→ Required work:
Copy every line of the records exactly, without including the images.

→ Provided records:
##########

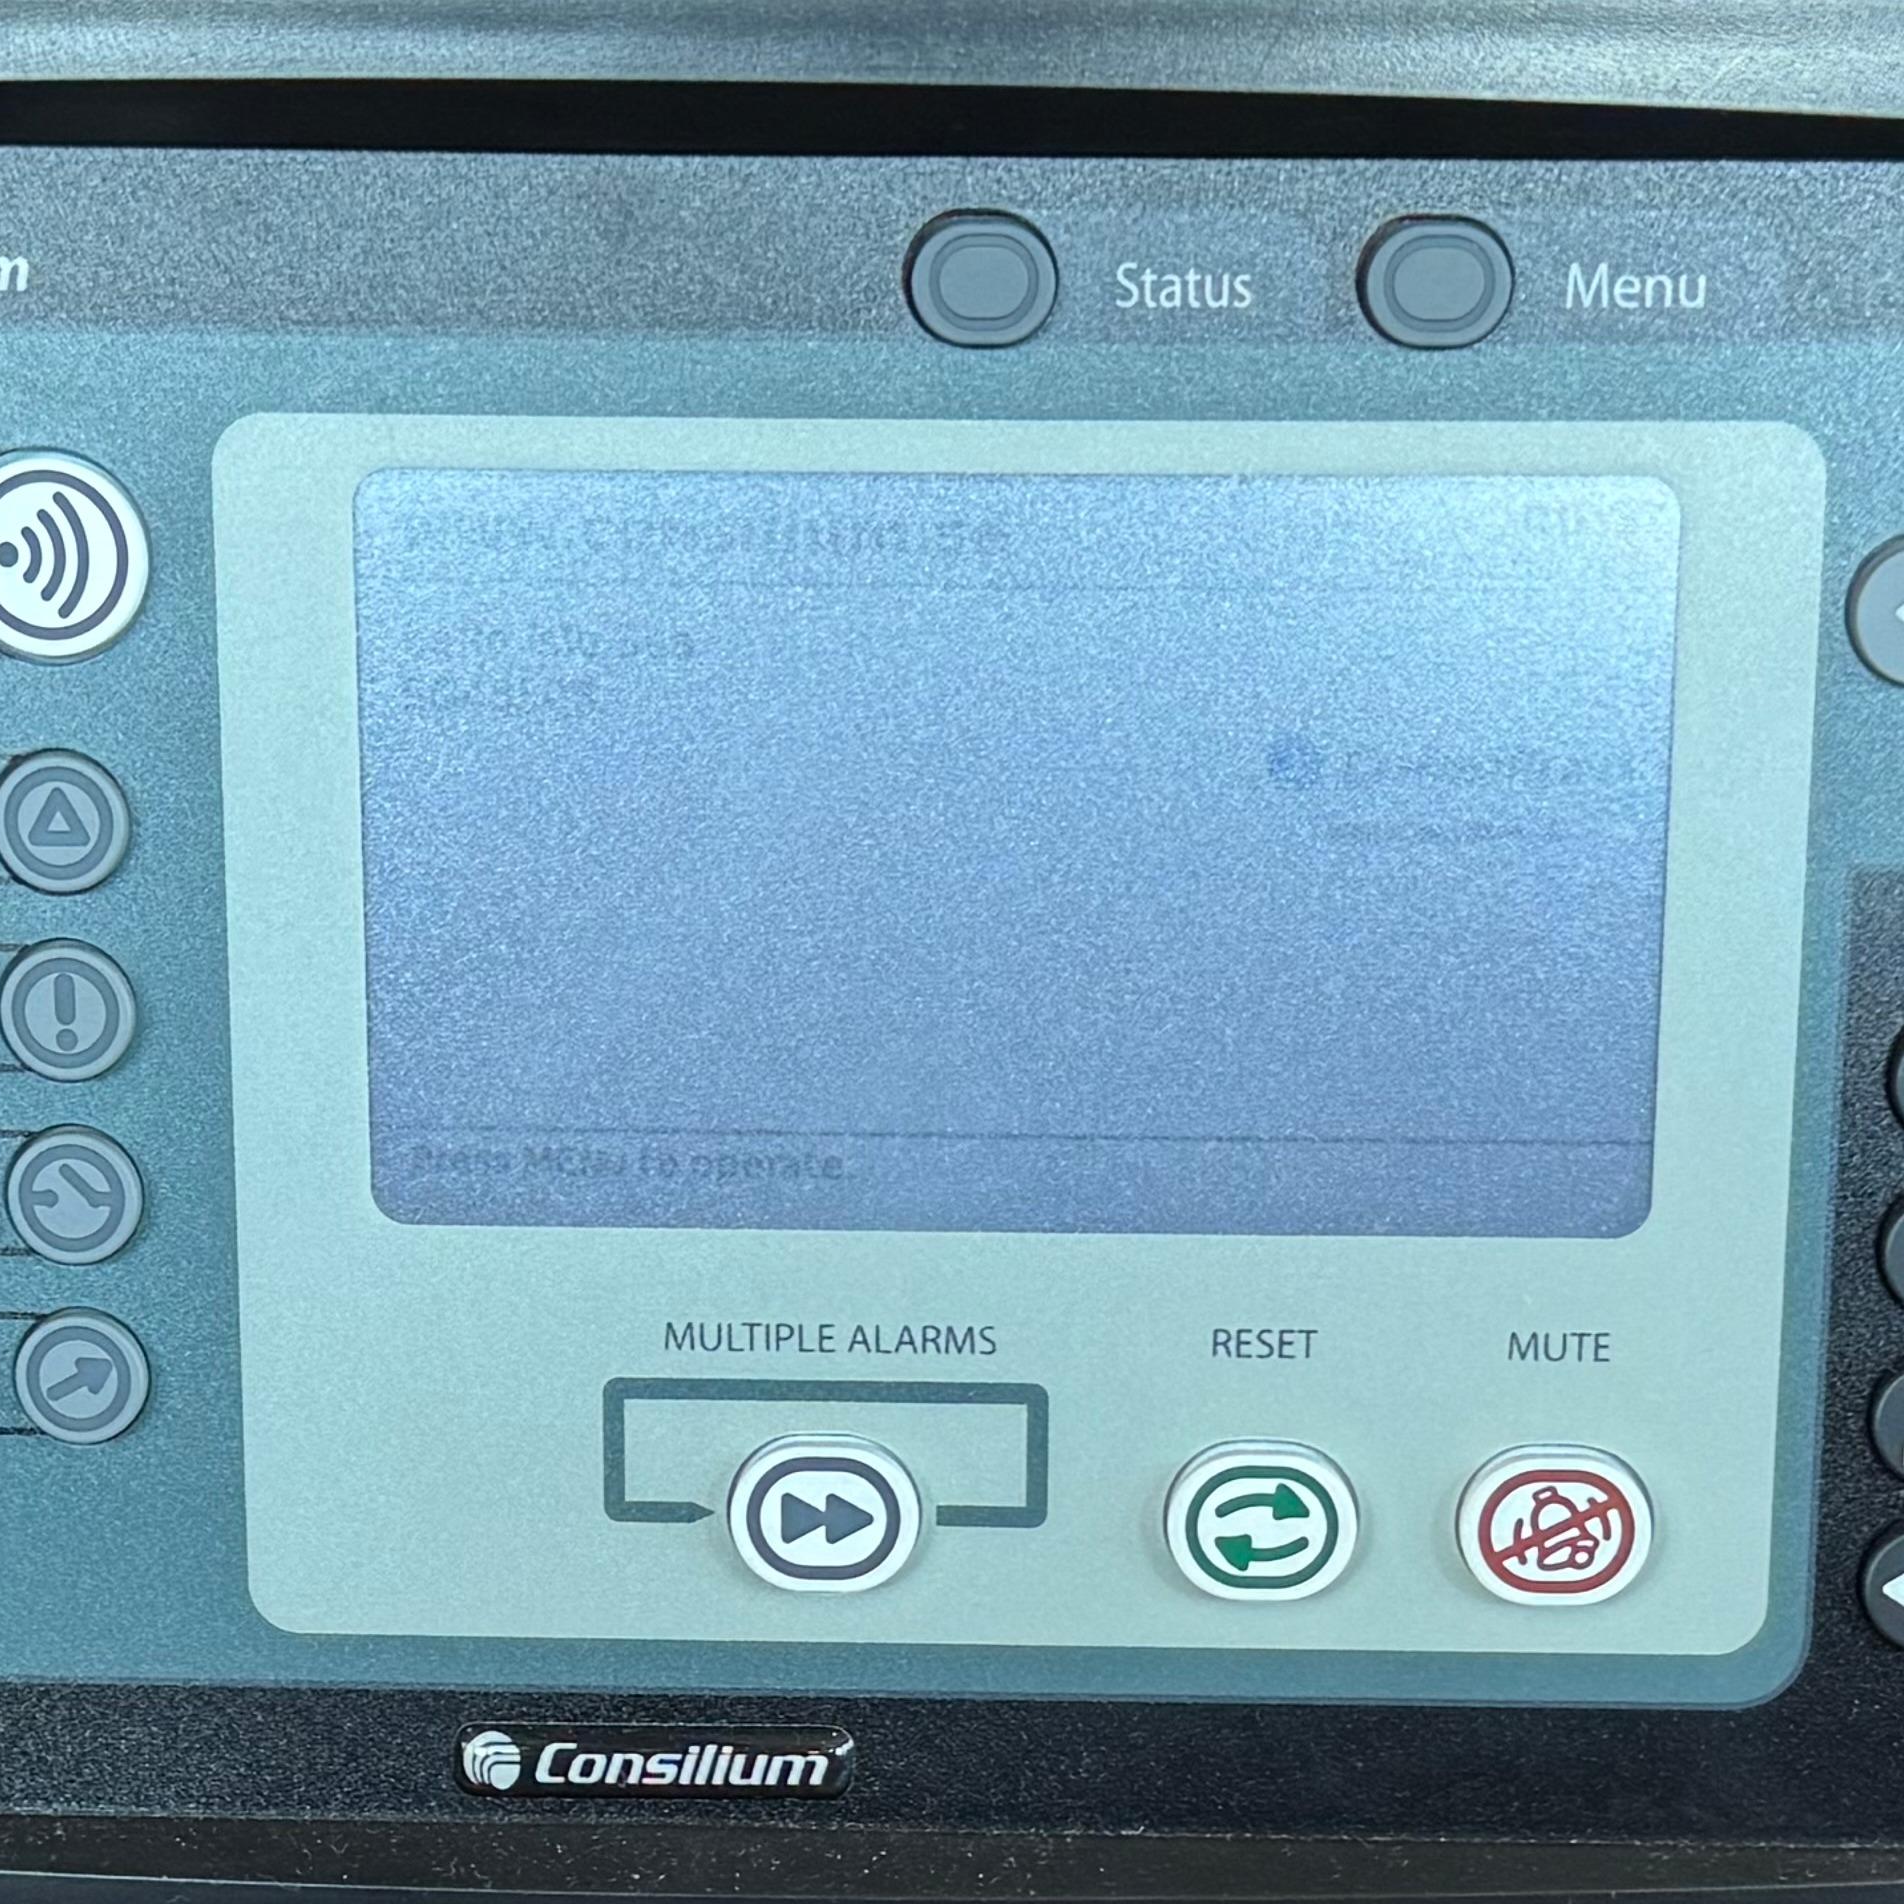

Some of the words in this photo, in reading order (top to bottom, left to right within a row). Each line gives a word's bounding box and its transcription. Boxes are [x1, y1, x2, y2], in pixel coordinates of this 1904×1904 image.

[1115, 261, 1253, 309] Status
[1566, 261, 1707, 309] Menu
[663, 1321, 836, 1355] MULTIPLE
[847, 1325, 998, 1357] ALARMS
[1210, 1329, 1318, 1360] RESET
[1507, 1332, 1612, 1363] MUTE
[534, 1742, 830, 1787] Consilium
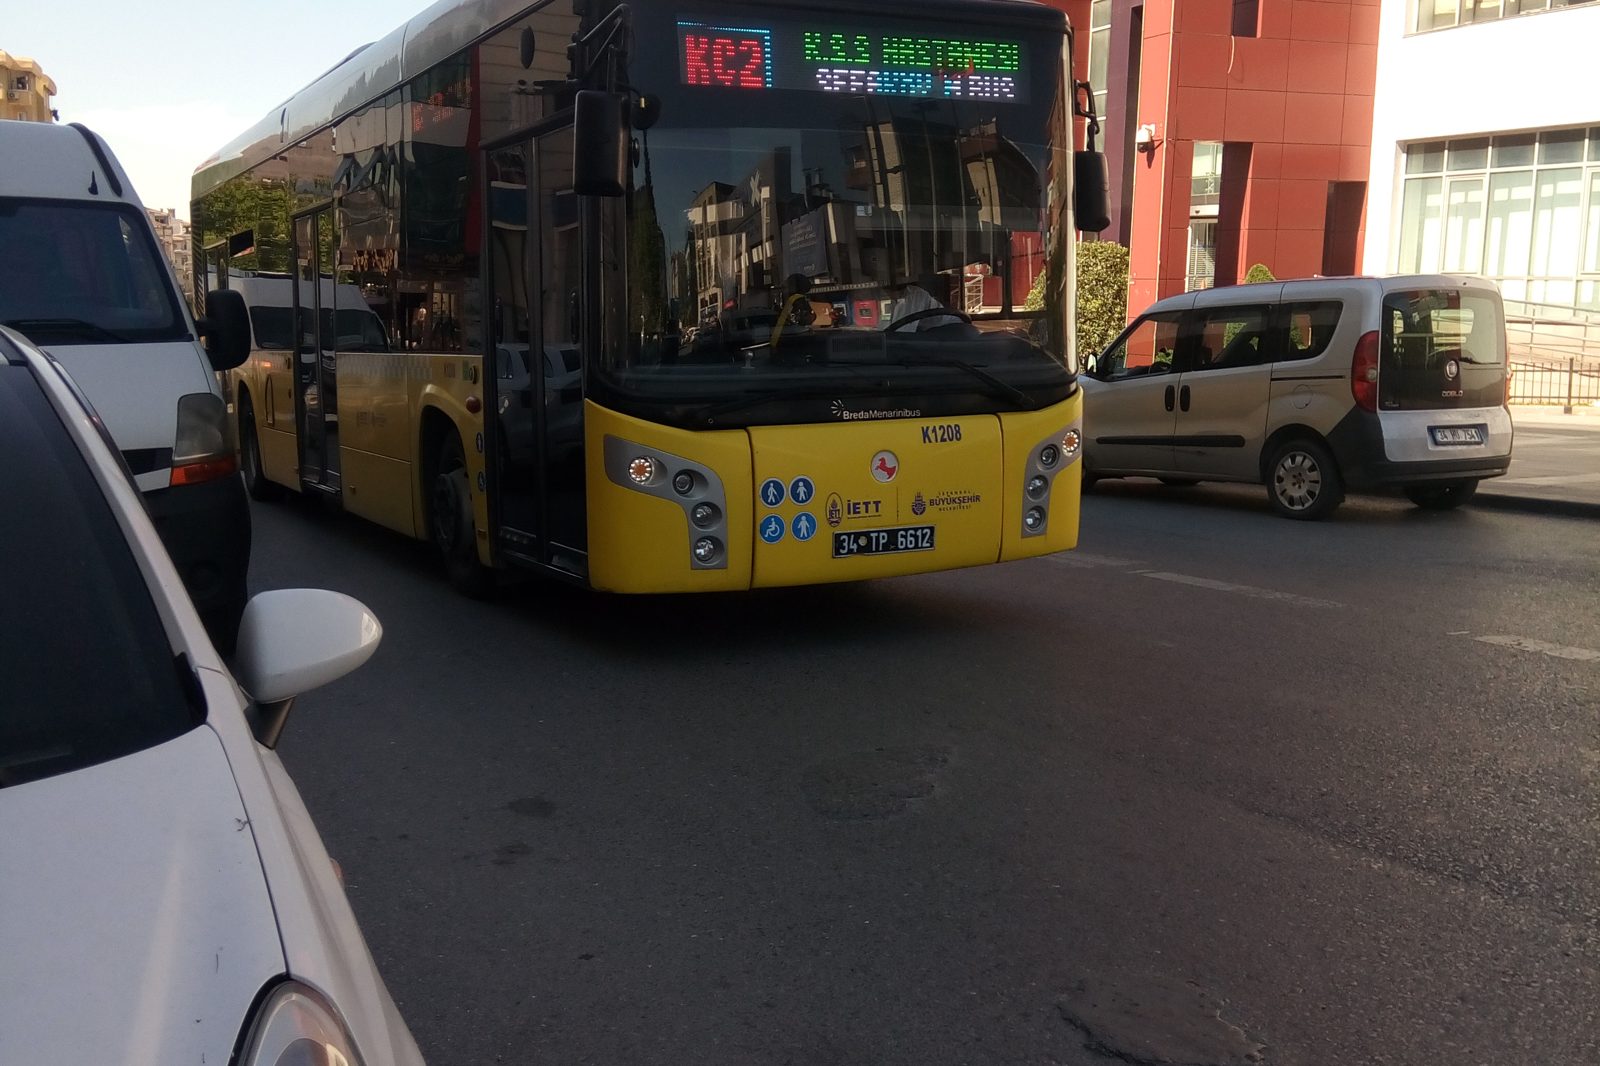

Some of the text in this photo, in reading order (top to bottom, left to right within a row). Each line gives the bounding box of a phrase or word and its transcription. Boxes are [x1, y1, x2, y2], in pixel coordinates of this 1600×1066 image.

##########

→ Reply:
Some of the words in this photo, in reading order (top to bottom, left to right within a row). Each line gives a word's bounding box and its transcription. Boxes are [x1, y1, x2, y2], in pixel coordinates of this 1904×1904 image.

[1115, 261, 1253, 309] Status
[1566, 261, 1707, 309] Menu
[663, 1321, 836, 1355] MULTIPLE
[847, 1325, 998, 1357] ALARMS
[1210, 1329, 1318, 1360] RESET
[1507, 1332, 1612, 1363] MUTE
[534, 1742, 830, 1787] Consilium

Some of the text in this photo, in reading order (top to bottom, left to right within a row). Each line gives the bounding box of a phrase or word and its transcription. Boxes are [x1, y1, x2, y2], in pixel coordinates of this 1600×1066 image.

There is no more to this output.